Abstract Non-alcoholic fatty liver disease (NAFLD), which is strongly associated with metabolic syndrome, has become one of the most common causes of chronic liver disease in developed countries. Some patients with NAFLD develop a more serious form of the disease, non-alcoholic steatohepatitis (NASH), and NASH can develop cirrhosis or even hepatocellular carcinoma (HCC). Although hepatic retinoid (vitamin A) stores are progressively lost during the development of liver diseases, how this affects NAFLD/NASH and NASH-related hepatocarcinogenesis is unknown. In order to investigate this, we used streptozotocin (STZ) and high-fat diet (HFD) to induce NASH and related hepatic tumorigenesis in matched wild-type and lecithin:retinol acyltransferase (LRAT) knockout (KO) mice, which lack stored retinoid in the liver. LRAT is the sole enzyme responsible for hepatic retinyl ester synthesis since LRAT KO mice completely lack lipid droplets in hepatic stellate cells. Mice were injected with STZ within 48 hours after birth and then fed HFD from 4 to 16 weeks of age. At the termination of the experiment, liver tumors were observed macroscopically and microscopically in both groups. In LRAT KO mice, the development of hepatic adenoma and HCC was significantly suppressed compared to control group. LRAT KO mice showed decreased expression levels of cyclin D1 and TGF-beta mRNA in the liver. The serum levels of d-ROMs and BAP were measured and the d-ROM/BAP ratio, which indicates oxidative stress, markedly decreased in LRAT KO mice. The fibrosis in the liver of the LRAT KO mice was decreased.

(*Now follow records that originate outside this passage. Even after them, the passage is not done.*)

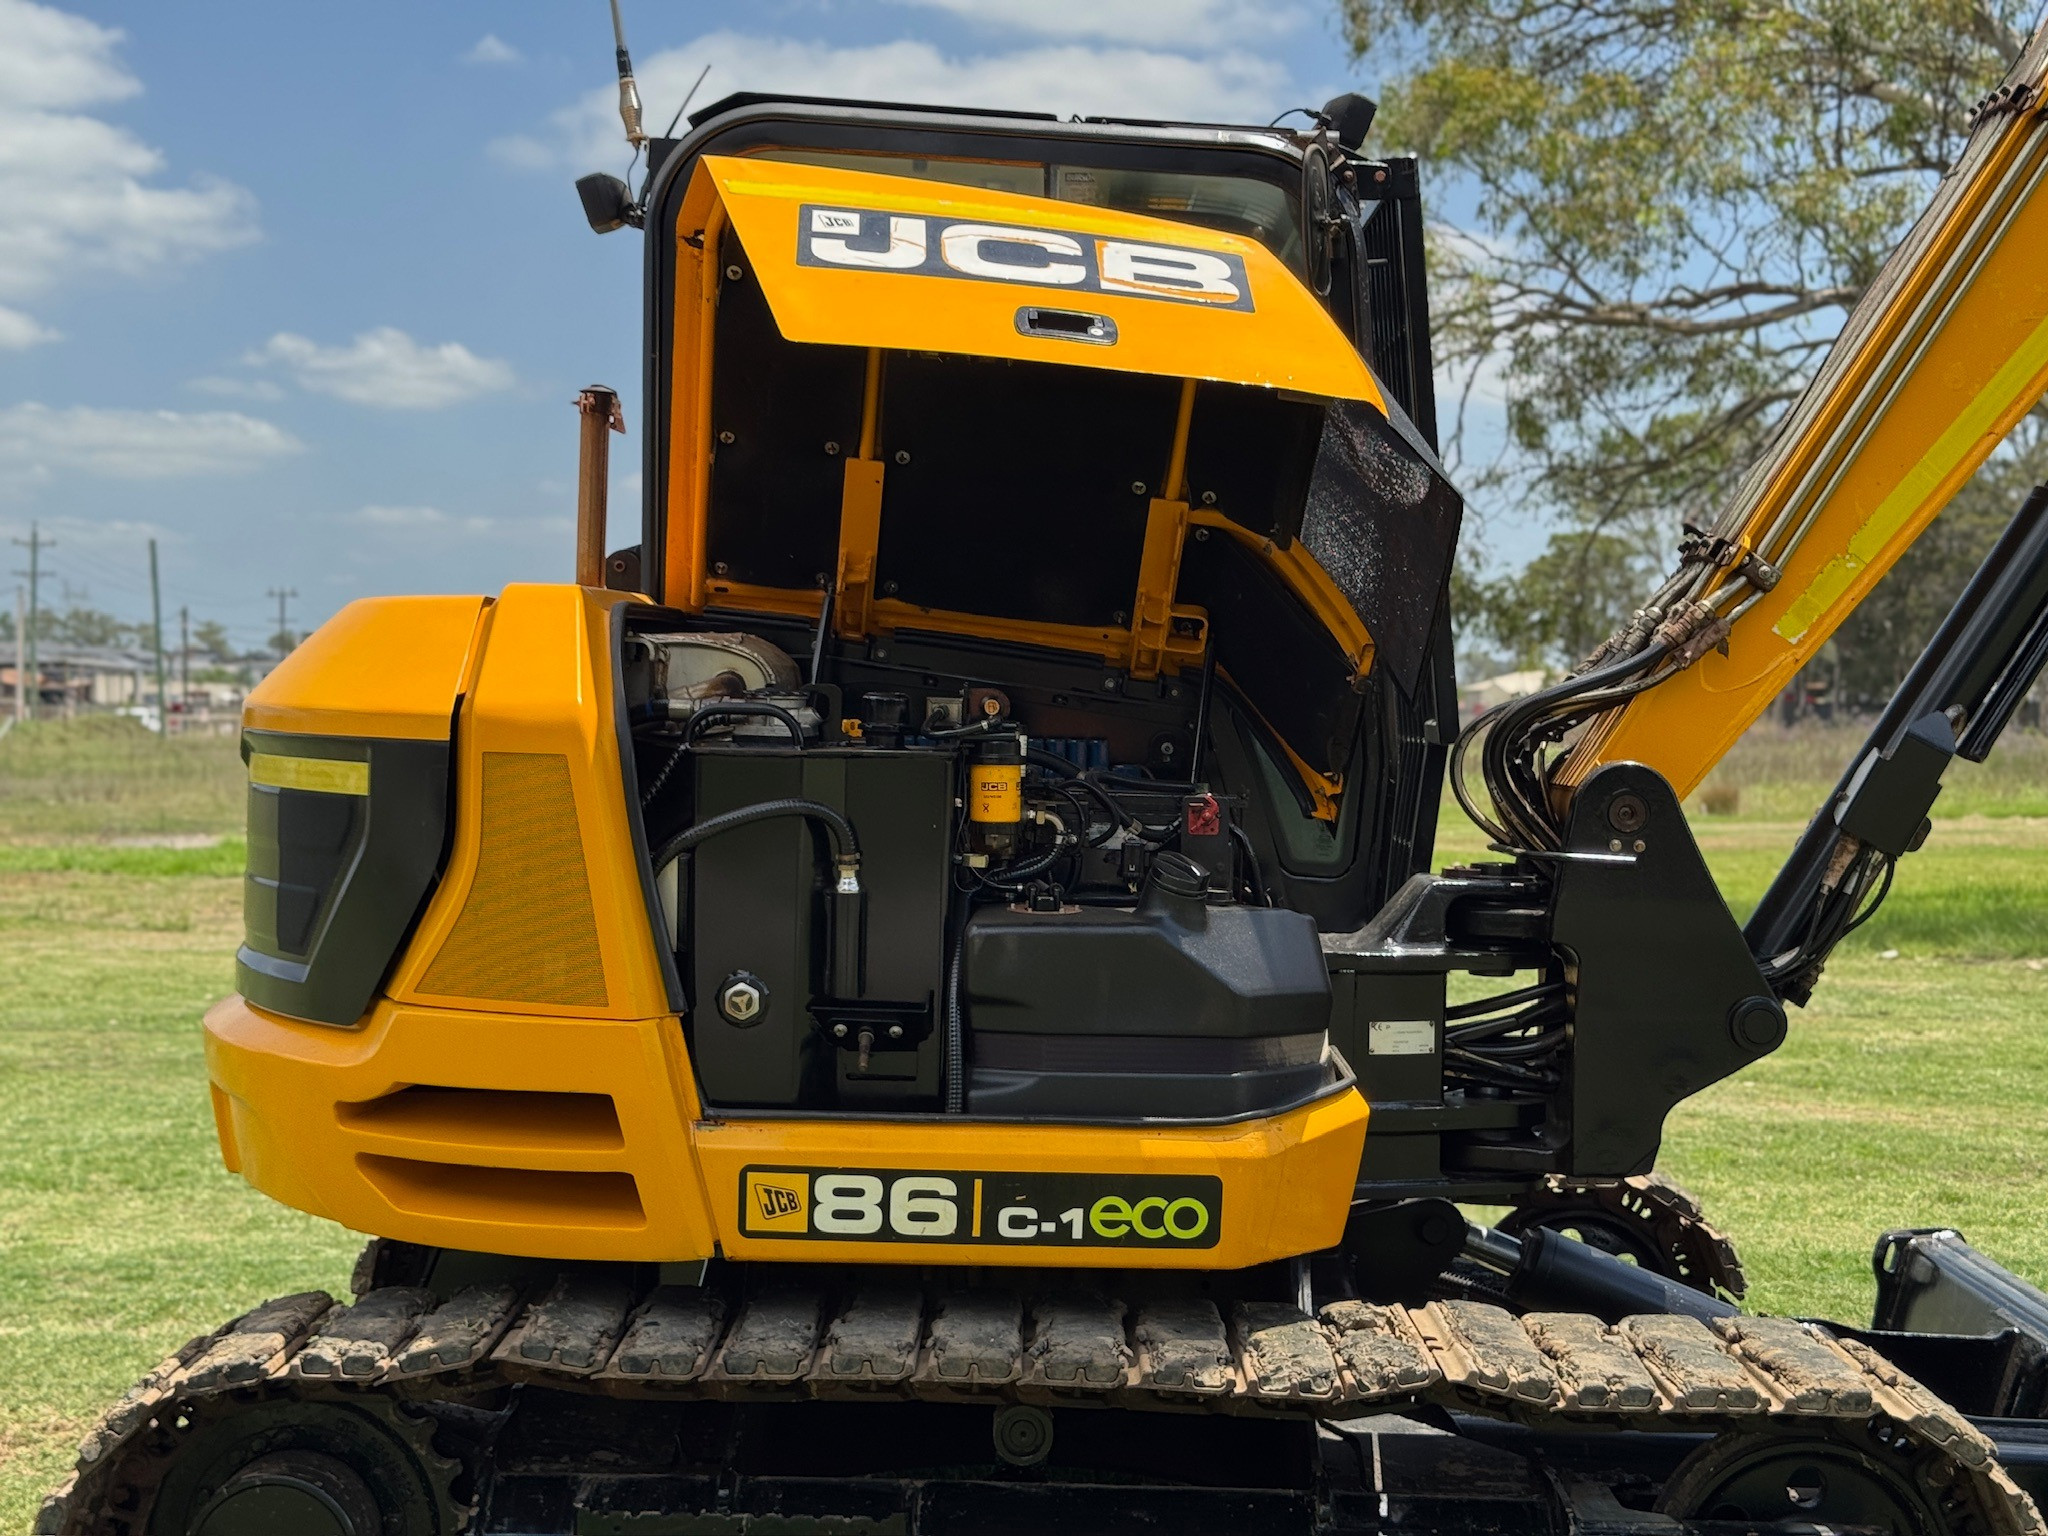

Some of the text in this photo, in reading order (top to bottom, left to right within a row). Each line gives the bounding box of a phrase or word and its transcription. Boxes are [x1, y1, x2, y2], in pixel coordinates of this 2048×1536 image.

[810, 214, 1240, 304] JCB
[981, 782, 1007, 791] JCB
[763, 1188, 798, 1215] JCB
[813, 1174, 1209, 1239] 86 C-1 eco
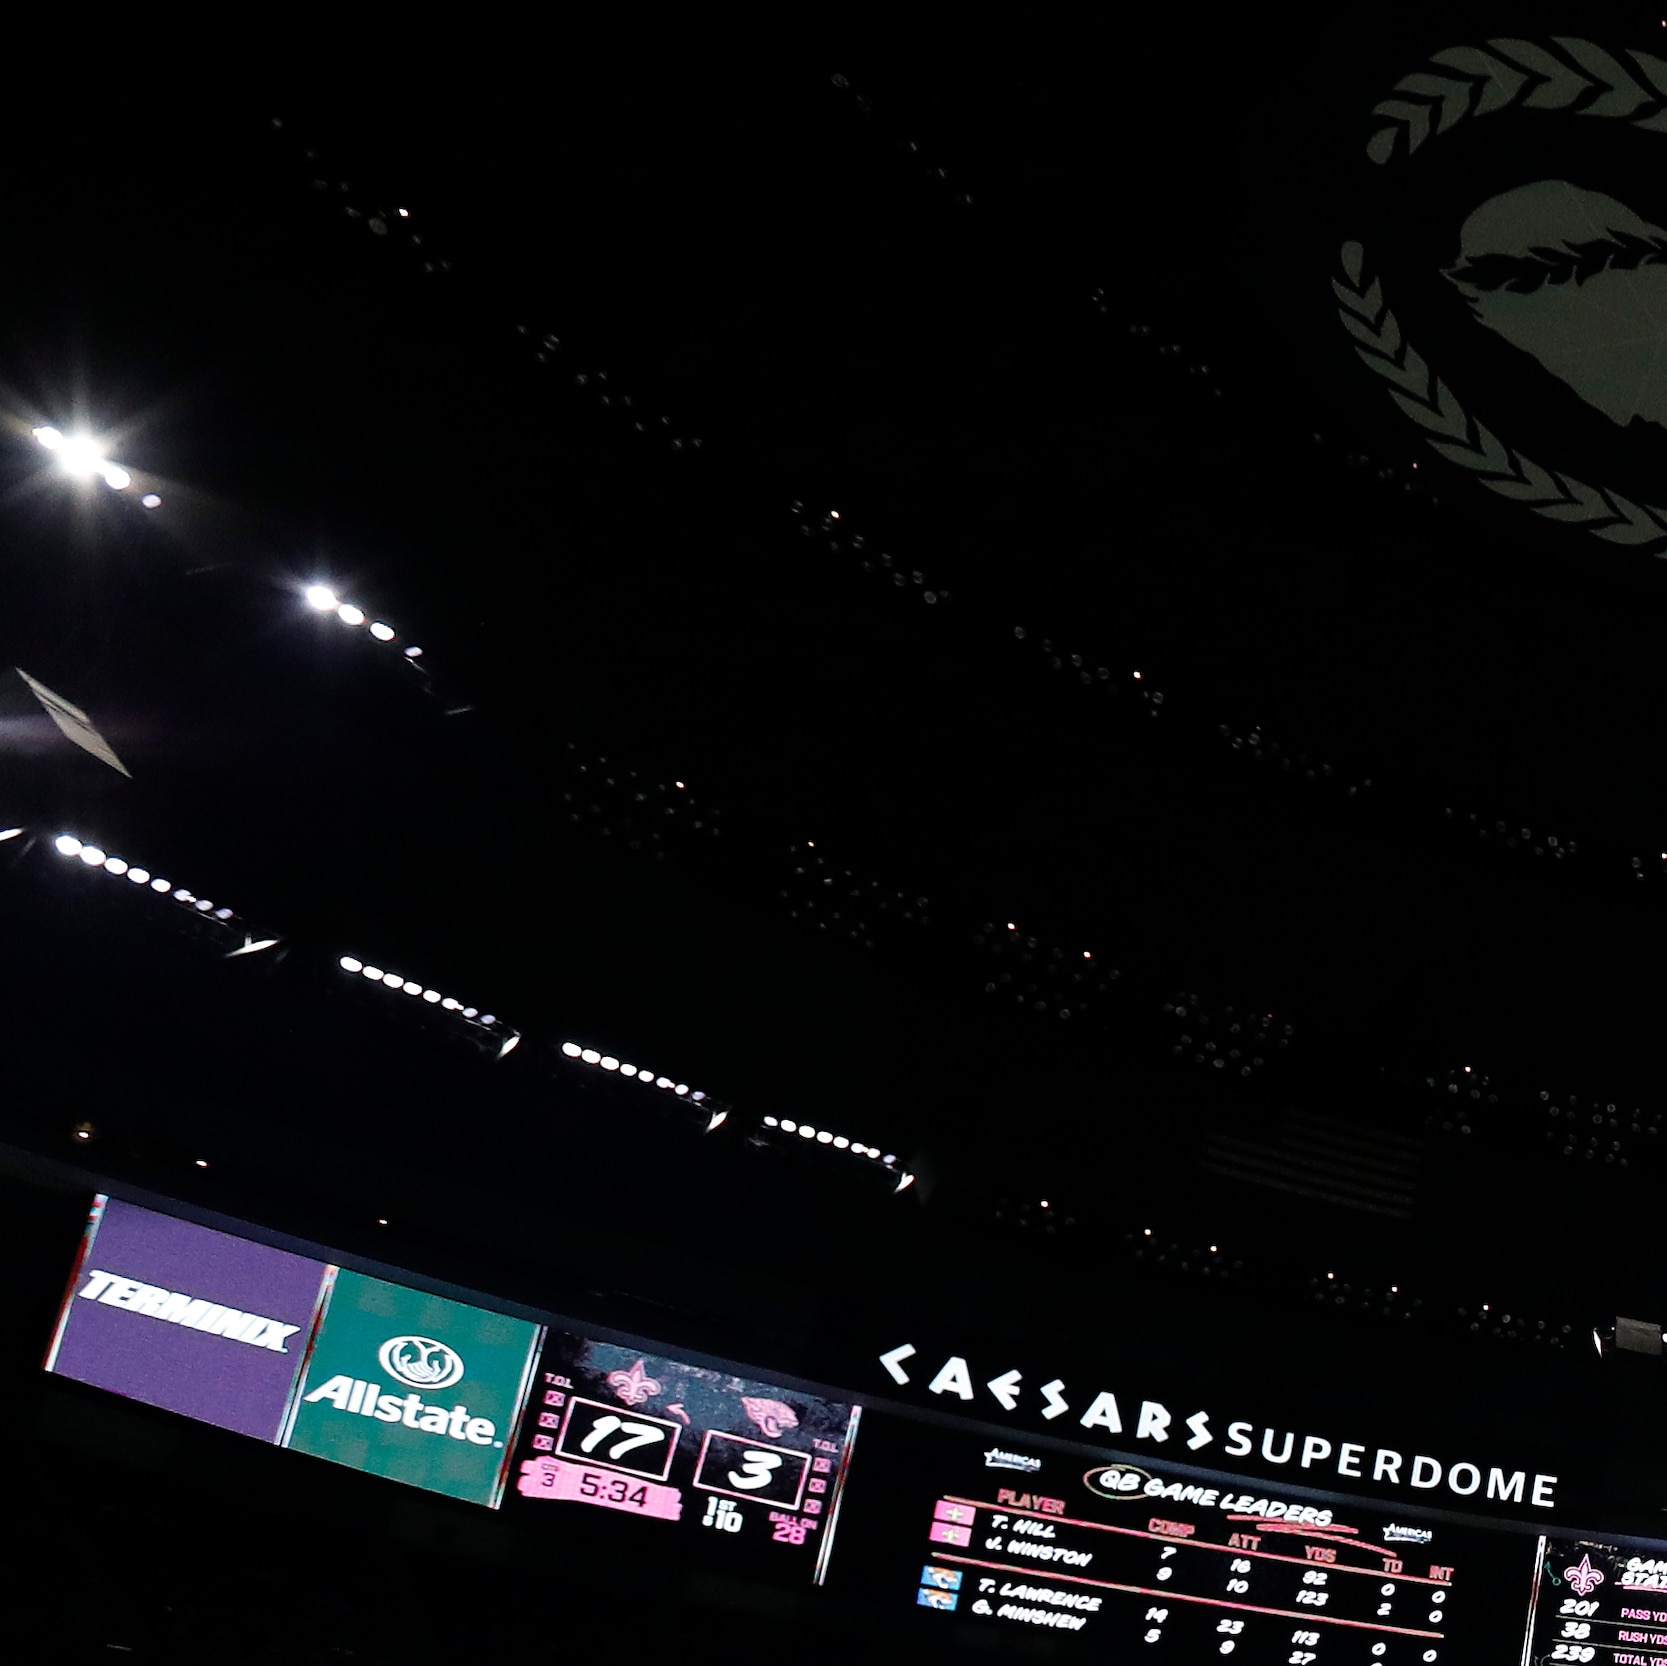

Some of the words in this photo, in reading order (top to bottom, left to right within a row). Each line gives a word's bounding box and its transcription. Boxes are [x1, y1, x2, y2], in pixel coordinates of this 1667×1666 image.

[77, 1269, 301, 1353] TERMINIX
[580, 1415, 665, 1460] 17
[879, 1343, 1213, 1451] CAESARS
[1224, 1421, 1559, 1509] SUPERDOME
[542, 1472, 555, 1488] 3
[580, 1473, 648, 1508] 5:34
[728, 1450, 783, 1490] 3
[1099, 1470, 1141, 1491] QB
[1143, 1478, 1220, 1507] GAME
[1219, 1493, 1333, 1527] LEADERS
[714, 1511, 743, 1533] 10
[772, 1523, 807, 1545] 28
[997, 1488, 1066, 1515] PLAYER
[1148, 1517, 1196, 1538] COMP
[1228, 1532, 1262, 1550] ATT
[1304, 1545, 1337, 1563] YDS
[1382, 1557, 1403, 1574] TD
[1429, 1565, 1454, 1582] INT
[985, 1537, 1003, 1551] J.
[1007, 1540, 1093, 1567] WINSTON
[1156, 1567, 1172, 1580] 9
[1226, 1578, 1249, 1594] 10
[1295, 1590, 1329, 1606] 123
[1376, 1602, 1392, 1616] 2
[1428, 1610, 1443, 1623] 0
[991, 1514, 1009, 1530] T.
[1012, 1518, 1056, 1538] HILL
[1160, 1546, 1177, 1559] 7
[1302, 1570, 1328, 1586] 92
[1381, 1583, 1396, 1597] 0
[1431, 1590, 1446, 1604] 0
[971, 1600, 993, 1615] G.
[997, 1603, 1087, 1631] MINSHEW
[1144, 1629, 1162, 1643] 5
[1219, 1640, 1235, 1654] 9
[1288, 1650, 1316, 1665] 27
[978, 1578, 996, 1594] T.
[999, 1583, 1102, 1612] LAWRENCE
[1145, 1607, 1168, 1623] 14
[1216, 1619, 1244, 1634] 23
[1291, 1630, 1320, 1646] 113
[1371, 1642, 1386, 1656] 0
[1422, 1650, 1437, 1663] 0
[1559, 1599, 1600, 1617] 201
[1621, 1608, 1650, 1621] PASS
[1561, 1621, 1591, 1640] 38
[1618, 1630, 1648, 1644] RUSH
[1551, 1644, 1595, 1663] 239
[1613, 1653, 1647, 1666] TOTAL

In addition, liver fibrosis in LRAT KO mice was suppressed. These findings indicate that LRAT KO mice are less susceptible to STZ and HFD-induced liver tumorigenesis due to regulation of cell cycle and attenuation of oxidative stress. The amount of hepatic retinoid may affect the progression of NASH and the development of NASH-related HCC. Citation Format: Takayasu Ideta, Yohei Shirakami, Tsuneyuki Miyazaki, Hiroyasu Sakai, Takuji Tanaka, William S. Blaner, Masahito Shimizu. Lacking hepatic retinoid storage in mice suppresses NASH-related hepatocarcinogenesis. [abstract]. In: Proceedings of the 107th Annual Meeting of the American Association for Cancer Research; 2016 Apr 16-20; New Orleans, LA. Philadelphia (PA): AACR; Cancer Res 2016;76(14 Suppl):Abstract nr 5240.